Taylor Ottesen ’21 M.D./M.B.A. was the first student to join the lab. He’d been interested in health equity across the board, studying barriers to access in HIV populations in the Ukraine, health literacy deficits in Colombia, and lack of access to surgery in Haiti, Ghana, and Guatemala.

Para athletes face abuse in many unseen ways, Ottesen said. A musculoskeletal injury for a Para athlete, he noted, can have far more serious consequences than it would for an able-bodied athlete. “For a Para athlete, an injury could mean they are no longer mobile,” he said. “This injury becomes a significant impairment to daily living, not just an inconvenience.”

There is also the issue of over-training and even financial abuse.

“Abuse can be neglect, but it can also be pushing the athlete too hard,” Ottesen said. “A disabled athlete may also be taken advantage of financially by coaches or caretakers and suffer yet another type of abuse. This is what we are trying to fight.”

SELY recently organized a panel discussion at the Yale Club of New York City with Sarah Klein, the first known survivor of sexual abuse by former USA Gymnastics physician Larry Nassar; Olympic gold medal-winning track and field legend Edwin Moses; Connecticut Para athlete Jill Harpin; and bronze medal-winning Paralympian Bob Lujano, who competes in quad rugby, a.k.a. “murderball,” with no arms or legs.

Because SELY is not part of any national sports organizations, said Tuakli-Wosornu, it can make objective assessments about the best research practices from medical, public health, and human rights research and innovate boldly.

“Sport is its own unique space,” she said. “You have to take into account athletes’ blind ambition, the public perception of sports, and how athletes think in a training environment. Athletes are central in our work — and we are co-designing with them.”


Addendum from Tony Lavely

January 31, 2020

At Chris Getman’s request, I introduced Yetsa to my cousin, Stephanie Sanders Sullivan, who is currently the US Ambassador to Ghana. Stephanie Sanders’ father George Sanders was a professor of geology at Yale in the early 1960s when Stephanie was a young child. In an amazing case of six degrees of separation, the Sanders were the keeper of Handsome Dan in those years. His dog nickname was “Boudie.” Stephanie still brags that Boudie is the only undefeated football Handsome Dan in Yale history.

Yetsa emailed:

Happy 2020! Praying the year has started beautifully for you and yours. Thanking Chris for the warm introduction to Ambassador Sullivan. It's lovely to meet you, Tony and Stephanie! 

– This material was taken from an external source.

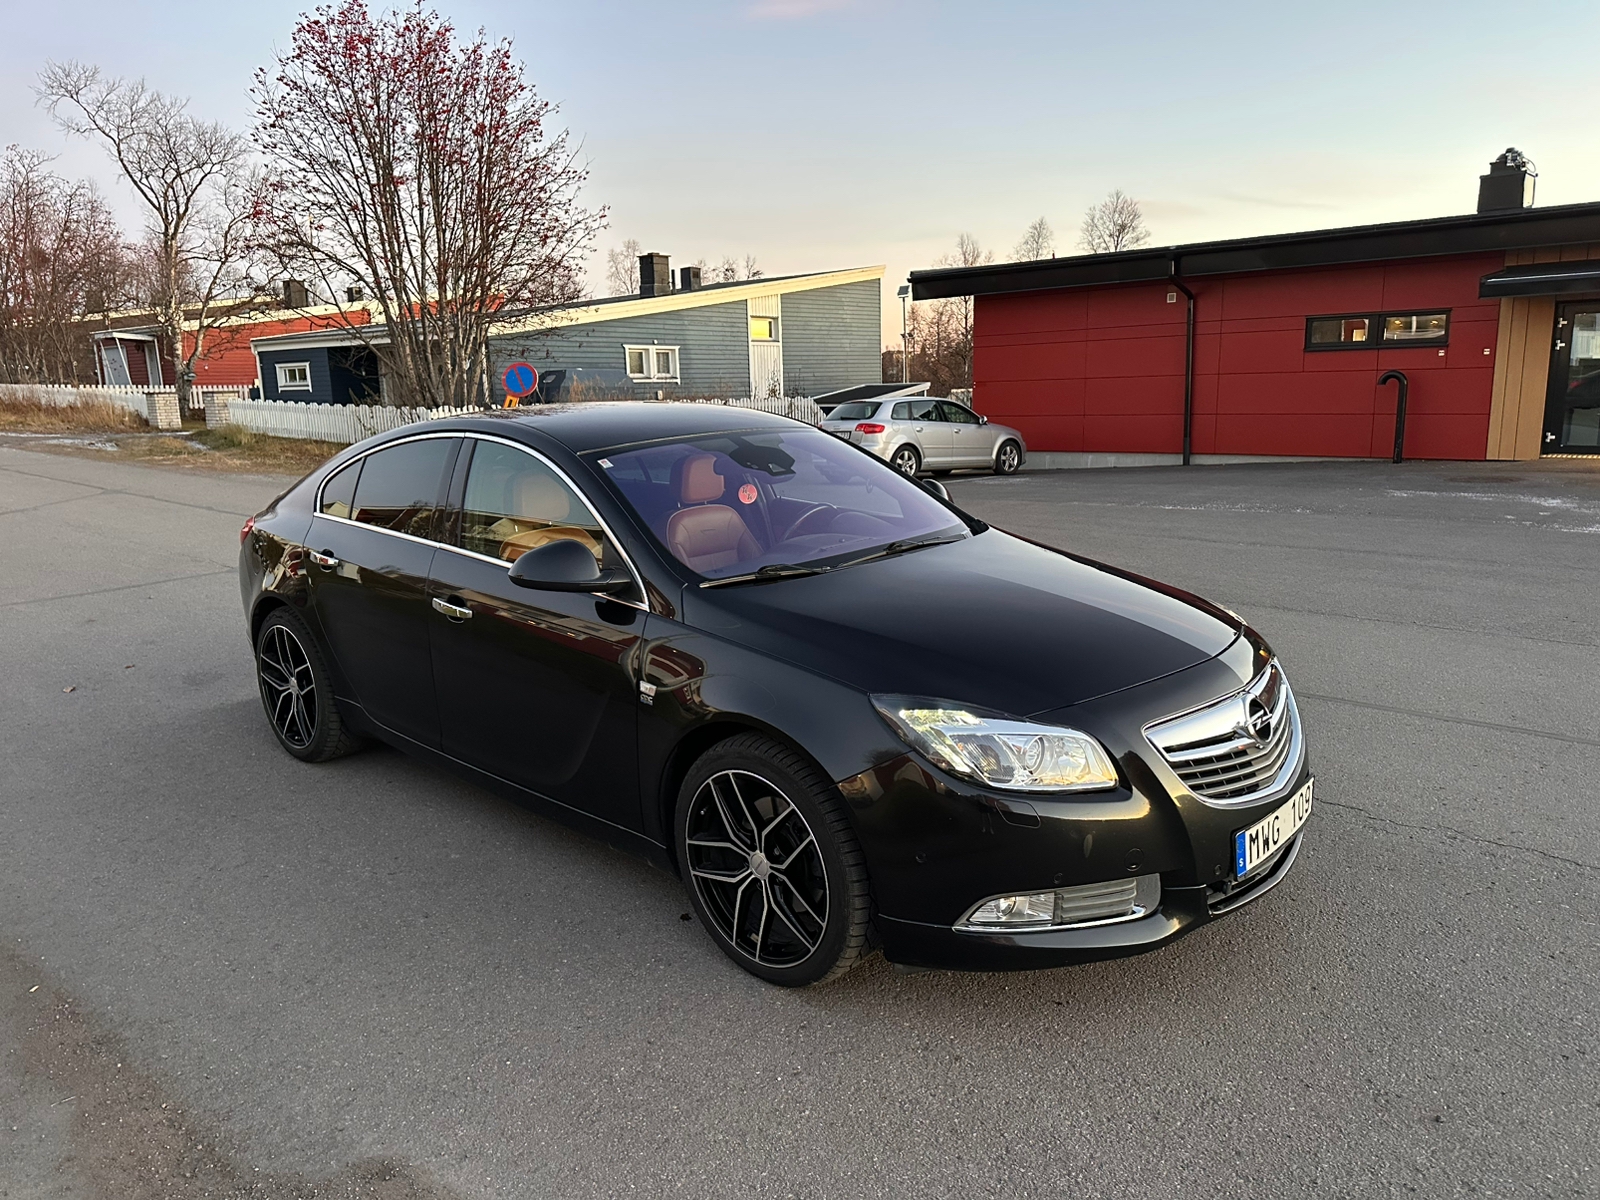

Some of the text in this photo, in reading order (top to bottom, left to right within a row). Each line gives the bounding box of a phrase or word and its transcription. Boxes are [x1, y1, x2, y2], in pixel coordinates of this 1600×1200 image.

Chris has probably told you about SELY, my lab focused on athletes with disabilities in Ghana. A few happy updates:

  1. I am just getting back from 1 month in Ghana where we did amazing work with our cohort of disabled athletes (pictures attached), and pushed our bamboo wheelchair project forward! Next step is to renovate our Paralympic athletes' clubhouse in Accra (they represent the nation internationally but live, shamefully, in squalor. It's not right, and it's a Paralympic year).

  2. We got our first major gift ($50K) from Yale Alumnus Geoff Kimball ’55. We really needed it. We have three spring conferences to which we've been invited: International Olympic Committee (Monte Carlo, Monaco; March), International Society of Physical and Rehabilitation Medicine (Orlando, Florida), Safe Sport International (Quebec City, Canada; April).

Excited to share our athletes' voices on these international stages, and I'm happy to share more about our work by phone or in-person meeting if there's interest in this group.